Exercise directions — Each entry below must be repeated exactly, with pictures left out.

Images for object localization
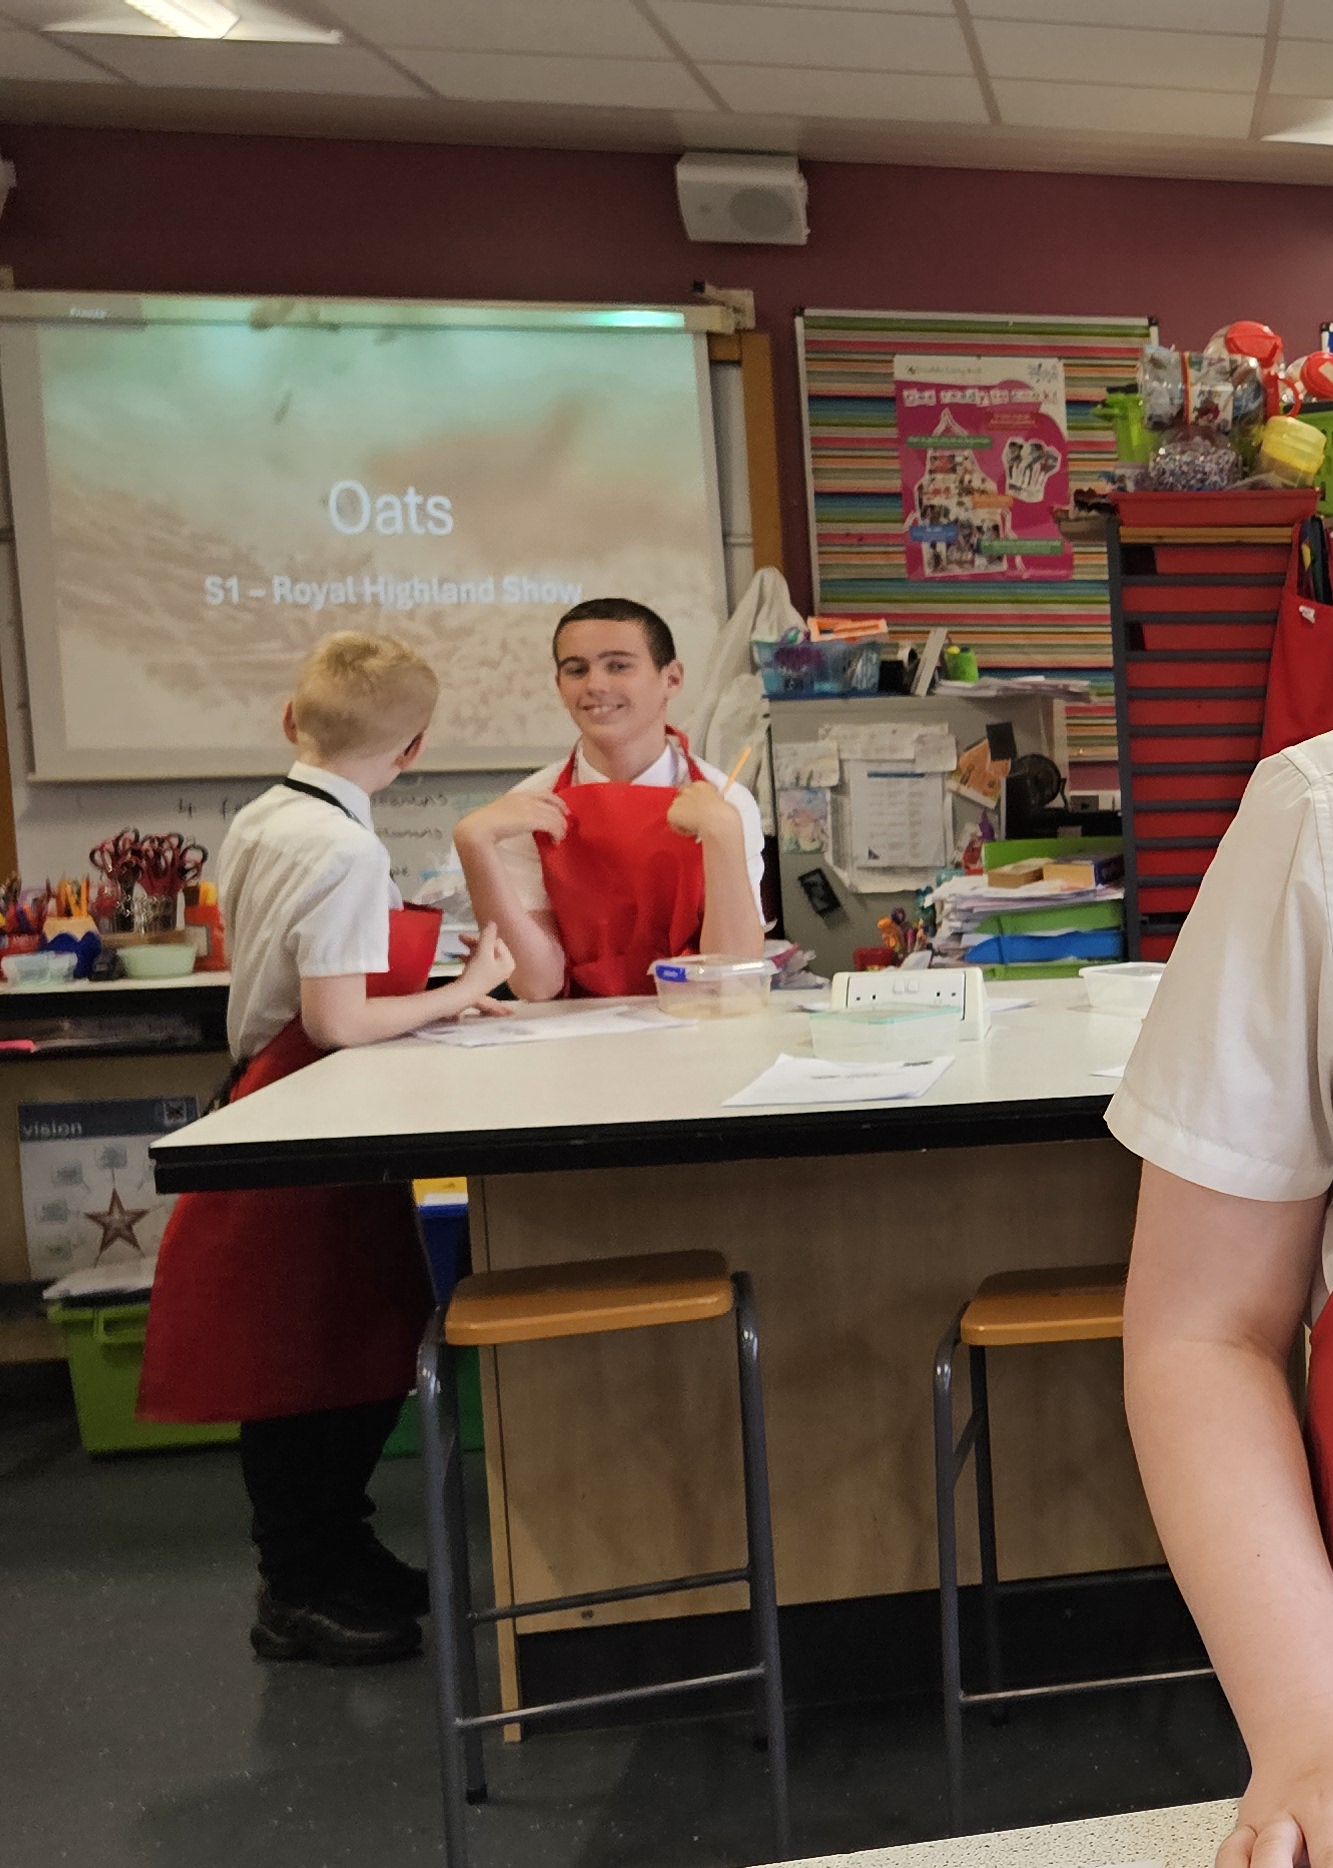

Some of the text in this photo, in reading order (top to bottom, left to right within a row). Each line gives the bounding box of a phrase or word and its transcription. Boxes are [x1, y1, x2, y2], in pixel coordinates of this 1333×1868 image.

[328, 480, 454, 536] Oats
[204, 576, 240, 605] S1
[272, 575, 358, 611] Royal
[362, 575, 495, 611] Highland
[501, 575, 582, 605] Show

Response to this task —
Some of the text in this photo, in reading order (top to bottom, left to right within a row). Each line gives the bounding box of a phrase or word and its transcription. Boxes are [x1, y1, x2, y2], in pixel coordinates of this 1333×1868 image.

[328, 480, 454, 536] Oats
[204, 576, 240, 605] S1
[272, 575, 358, 611] Royal
[362, 575, 495, 611] Highland
[501, 575, 582, 605] Show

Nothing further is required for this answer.